(Spatial localization data)
* * *

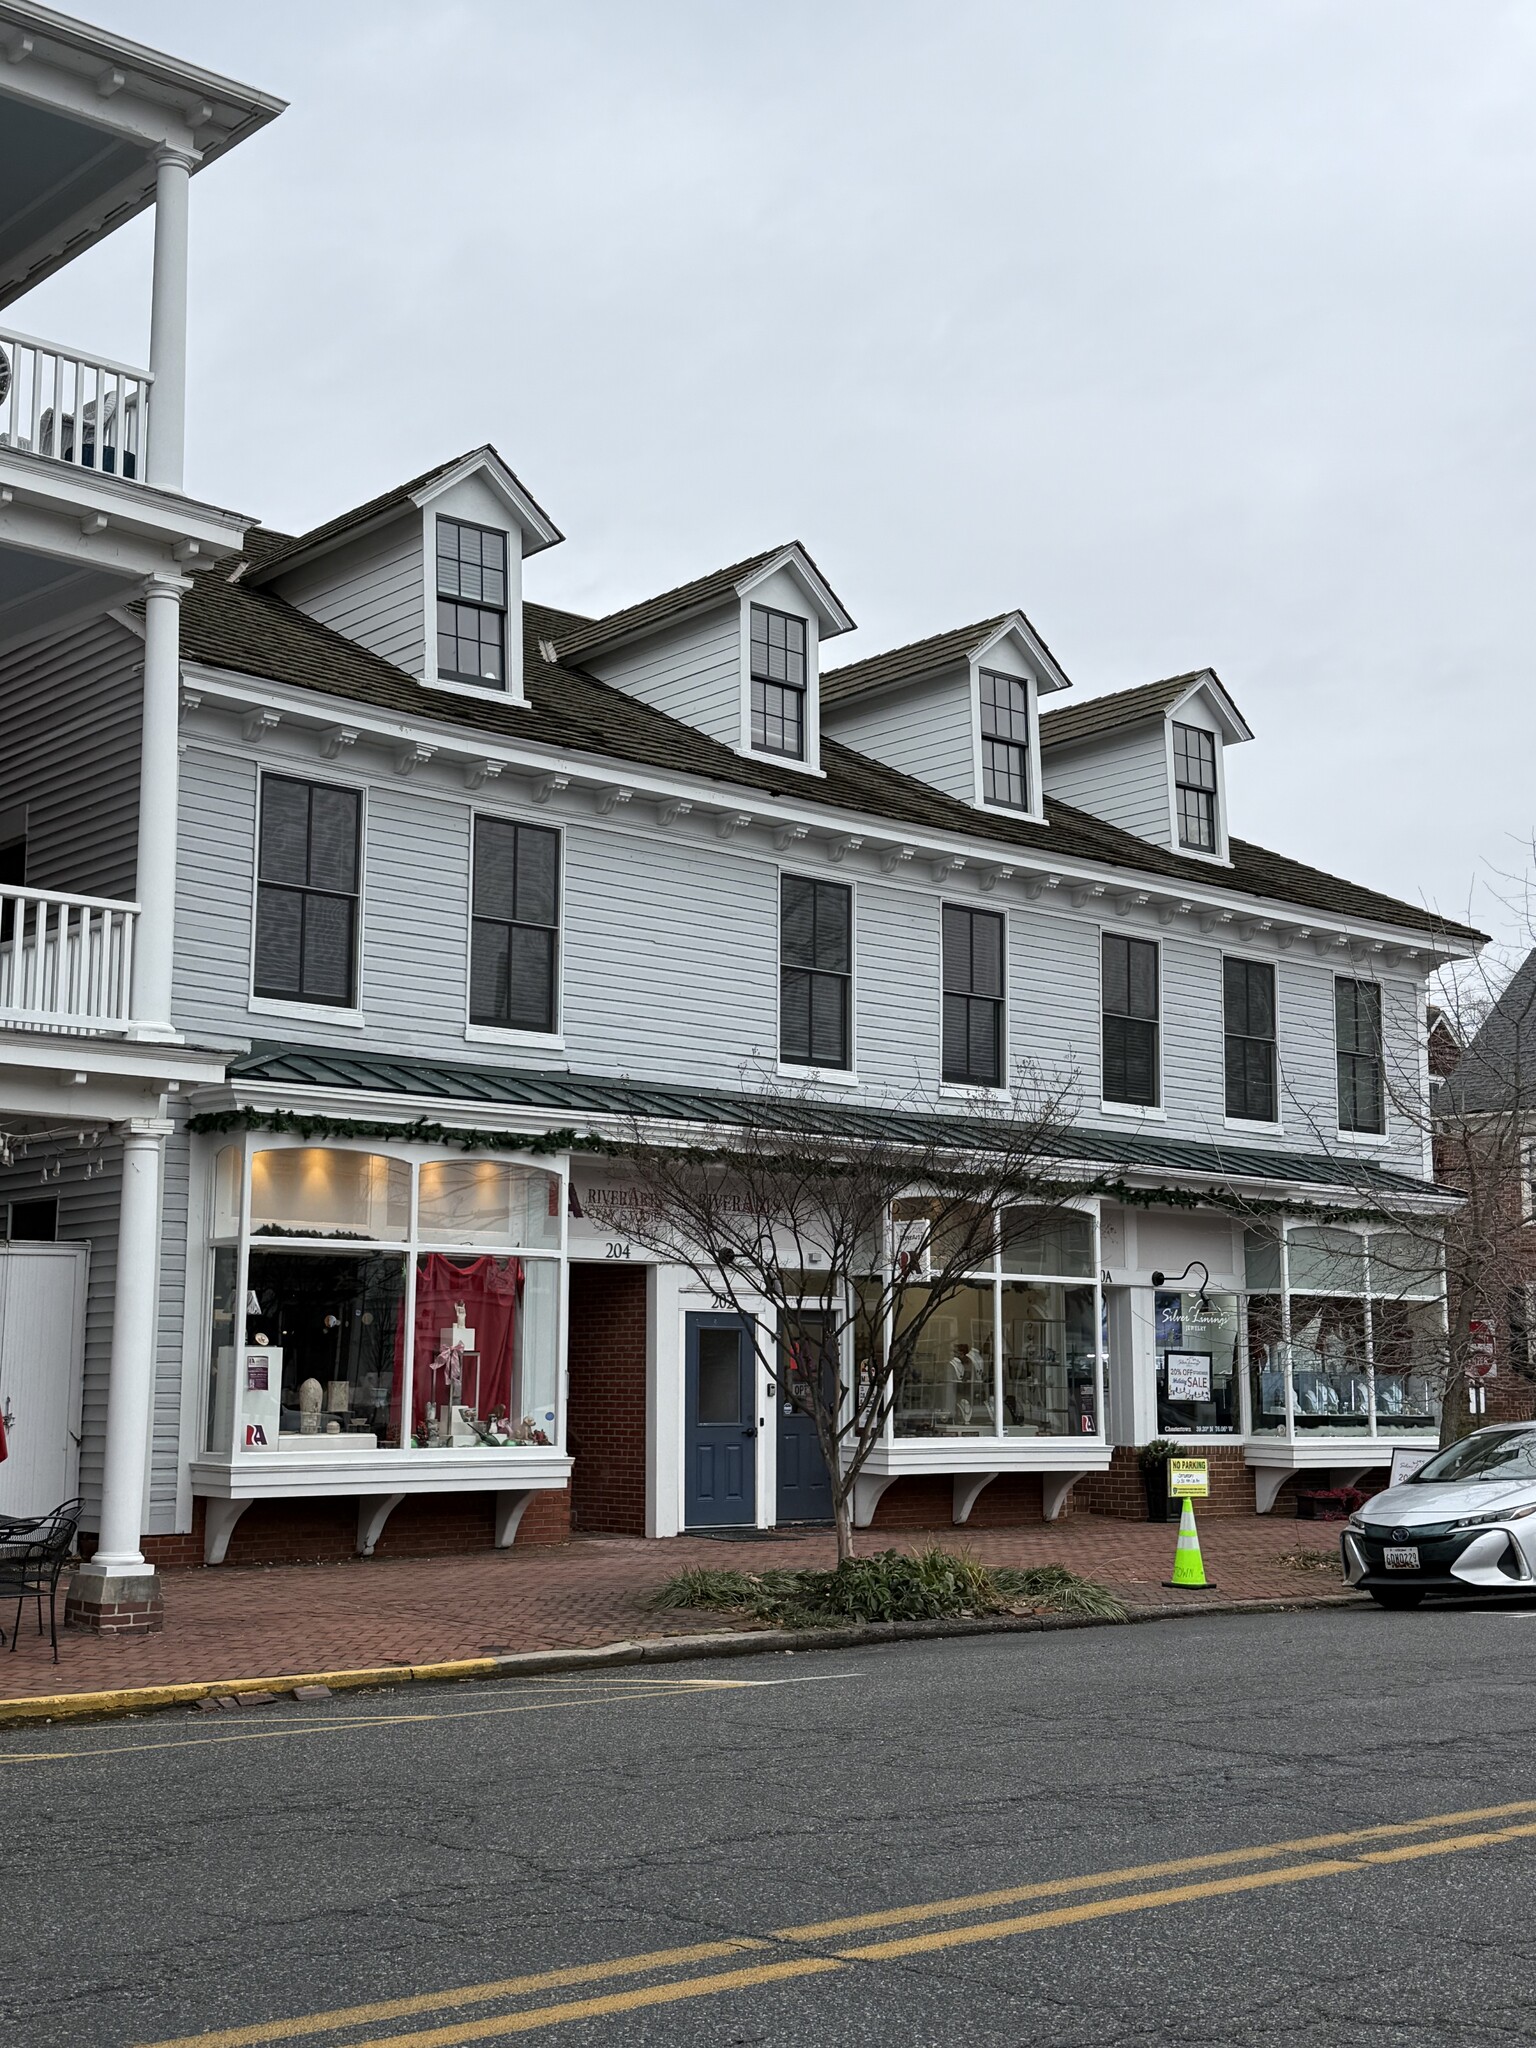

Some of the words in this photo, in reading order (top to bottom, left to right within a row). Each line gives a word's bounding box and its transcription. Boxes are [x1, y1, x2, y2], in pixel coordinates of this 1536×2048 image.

[605, 1242, 631, 1259] 204
[1162, 1308, 1190, 1323] Silver
[1191, 1309, 1231, 1327] Linings
[1170, 1368, 1182, 1376] 20%
[1182, 1368, 1193, 1376] OFF
[1187, 1377, 1207, 1388] SALE
[1172, 1460, 1181, 1469] NO
[1181, 1460, 1206, 1470] PARKING
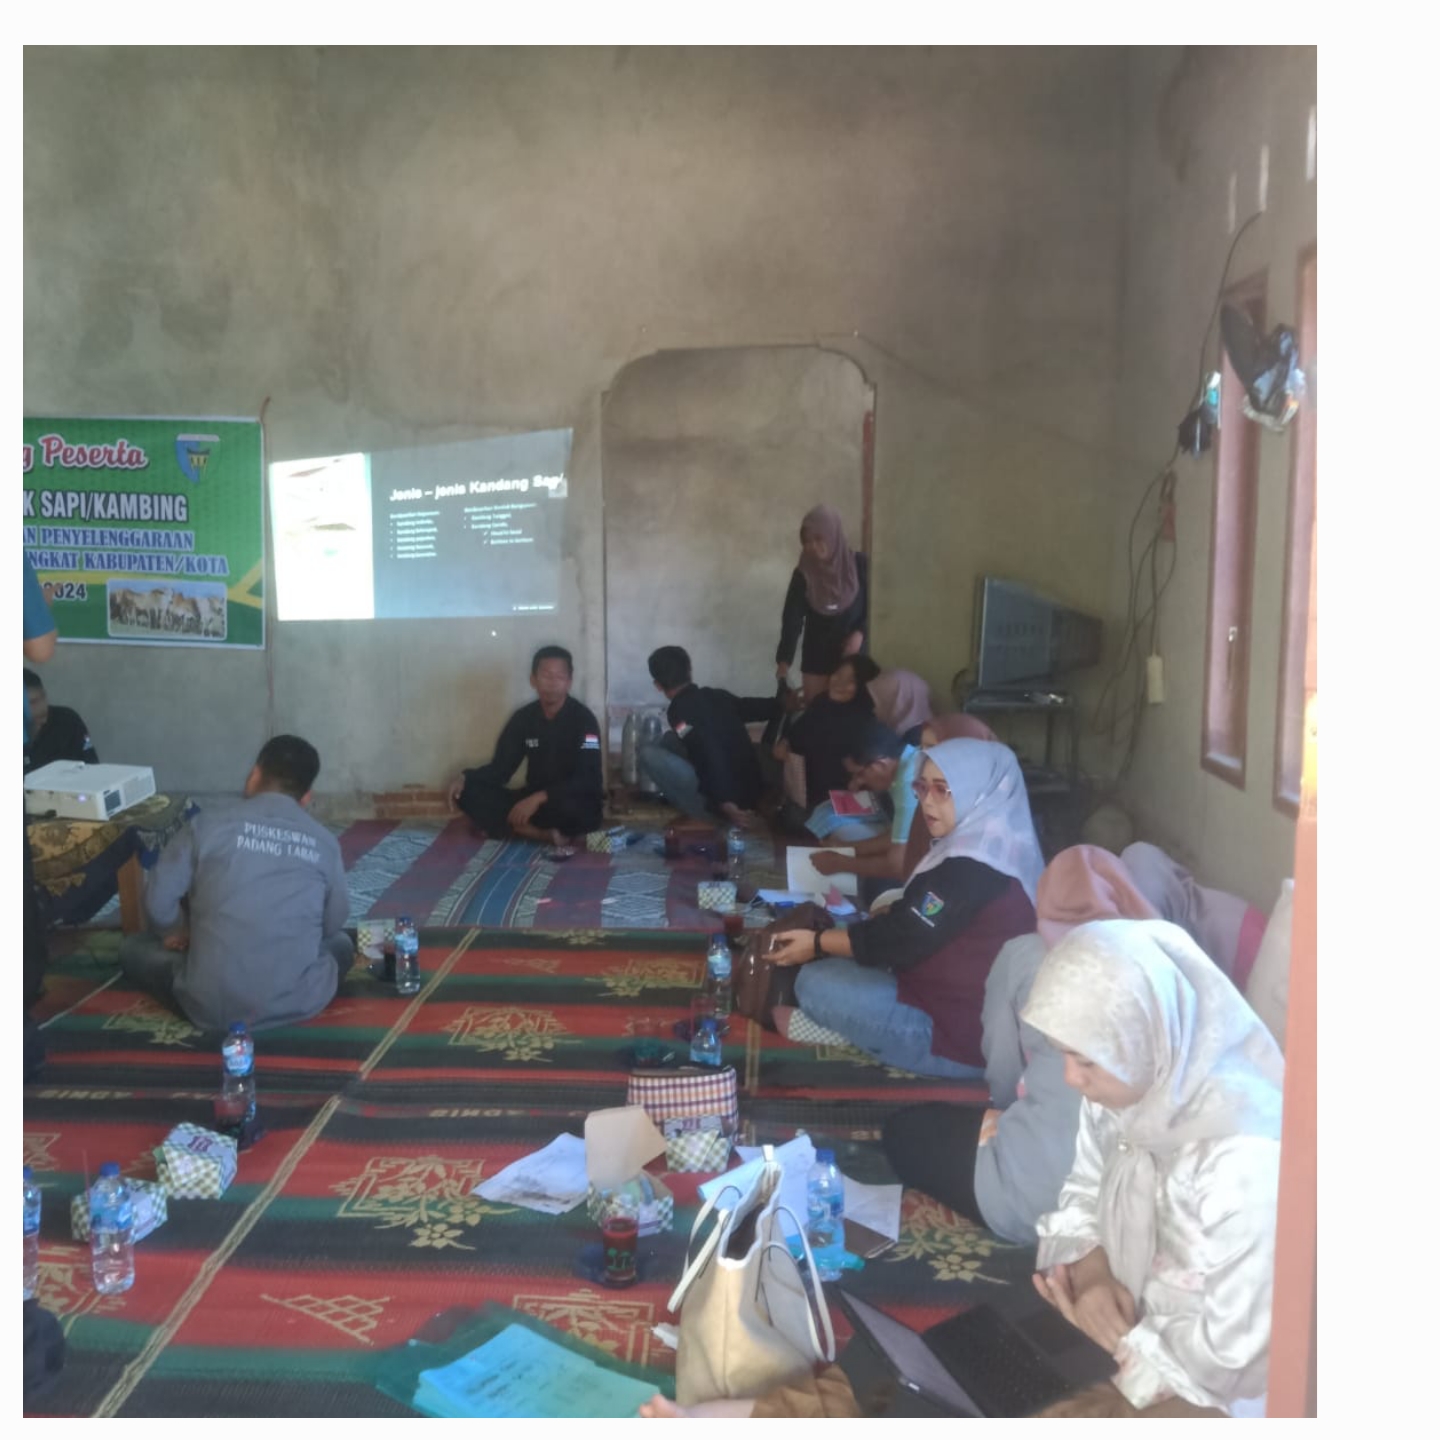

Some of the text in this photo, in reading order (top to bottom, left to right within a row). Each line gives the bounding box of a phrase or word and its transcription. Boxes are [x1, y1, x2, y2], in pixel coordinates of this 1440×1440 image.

* * *

• [Assignment] Print the records above exactly as they stand, but leave out the pictures.

• [Expected answer]
Some of the words in this photo, in reading order (top to bottom, left to right within a row). Each line gives a word's bounding box and its transcription. Boxes are [x1, y1, x2, y2], in pixel coordinates of this 1536×2048 image.

[605, 1242, 631, 1259] 204
[1162, 1308, 1190, 1323] Silver
[1191, 1309, 1231, 1327] Linings
[1170, 1368, 1182, 1376] 20%
[1182, 1368, 1193, 1376] OFF
[1187, 1377, 1207, 1388] SALE
[1172, 1460, 1181, 1469] NO
[1181, 1460, 1206, 1470] PARKING

Some of the text in this photo, in reading order (top to bottom, left to right within a row). Each line gives the bounding box of a phrase or word and its transcription. Boxes are [x1, y1, x2, y2], in pixel coordinates of this 1440×1440 image.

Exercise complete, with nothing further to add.